After the learning procedure, the neural network is able to recognize input data--that is, classify input data which is unknown or unlearned, but which is similar to the learned data, into a proper class, by correlating the unknown input patterns with prelearned patterns. Thus, a neural network constructed according to prior methods can provide a high recognition ability for unlearned data, if a sufficient variety of patterns of learning data are used for learning one class of data which is later to be recognized.
However, when an unlearned character or other datum to be recognized has a feature which is the same as a feature of the learned data, but the feature is located in a different position in the unlearned data, neural networks of prior methods do not provide highly accurate recognition ability.
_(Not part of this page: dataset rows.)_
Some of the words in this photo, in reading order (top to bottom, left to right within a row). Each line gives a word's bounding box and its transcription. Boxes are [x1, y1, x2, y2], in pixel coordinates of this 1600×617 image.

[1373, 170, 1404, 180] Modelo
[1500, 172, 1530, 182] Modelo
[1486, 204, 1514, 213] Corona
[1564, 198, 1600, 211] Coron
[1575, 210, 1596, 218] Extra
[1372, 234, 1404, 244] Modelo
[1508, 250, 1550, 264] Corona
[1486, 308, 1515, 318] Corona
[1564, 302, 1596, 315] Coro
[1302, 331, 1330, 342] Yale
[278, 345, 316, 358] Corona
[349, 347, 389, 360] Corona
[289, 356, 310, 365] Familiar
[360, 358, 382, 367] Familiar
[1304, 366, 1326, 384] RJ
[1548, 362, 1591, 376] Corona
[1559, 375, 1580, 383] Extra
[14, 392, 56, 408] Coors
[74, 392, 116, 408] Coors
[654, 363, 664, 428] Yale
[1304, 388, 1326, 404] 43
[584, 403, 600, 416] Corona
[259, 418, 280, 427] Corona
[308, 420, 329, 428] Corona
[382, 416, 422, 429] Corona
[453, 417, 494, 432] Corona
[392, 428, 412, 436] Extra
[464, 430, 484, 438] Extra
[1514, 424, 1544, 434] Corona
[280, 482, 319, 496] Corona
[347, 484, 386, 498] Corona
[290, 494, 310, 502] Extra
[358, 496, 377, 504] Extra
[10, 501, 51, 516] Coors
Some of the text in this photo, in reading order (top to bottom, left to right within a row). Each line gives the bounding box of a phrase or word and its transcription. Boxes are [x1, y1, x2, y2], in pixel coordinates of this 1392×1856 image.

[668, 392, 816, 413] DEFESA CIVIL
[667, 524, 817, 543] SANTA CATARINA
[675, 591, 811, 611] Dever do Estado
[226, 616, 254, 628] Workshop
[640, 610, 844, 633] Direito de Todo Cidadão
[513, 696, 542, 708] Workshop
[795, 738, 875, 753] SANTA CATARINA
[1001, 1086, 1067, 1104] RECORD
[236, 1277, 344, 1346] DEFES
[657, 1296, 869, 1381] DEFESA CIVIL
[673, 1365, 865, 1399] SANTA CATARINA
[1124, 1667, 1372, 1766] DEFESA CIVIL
The method called "time-delay neural network" (TDNN) solves this in part, by learning the data in different positions. The method is disclosed in a report "Phoneme Recognition using Time-Delay Neural Networks" by A. Waibel, T. Hanazawa, G. Hinton, K. Shikano, and K. Lang in IEEE Trans. Acoust., Speech, Signal Processing, Vol. 37, pp. 1888-1898, Dec. 1989. (These articles are incorporated herein by reference.) Importantly, though, the Waibel (TDNN) method does not detect the actual locations of the feature in the learned data, and the weights are updated only by all the shifted data. Therefore, learning in the TDNN method is inefficient.
A method for solving a similar problem in set forth in "Handwriting Digit Recognition with a Back-Propagation Network" by Le Cun, et al. in Neural Information Processing Systems, Vol. 2, pages 396-404 (1989), which by Way of background is incorporated herein by reference. The Le Cun architecture uses a five-layer network where the upper layers are used to detect the locations of local features.
Other problems can arise when an input character to be recognized is the same as a learned character, but in a different font, so that the various minute features of the input character are located differently from those of the learned character. In systems wherein entire characters are compared for recognition, the differing locations appear as noise.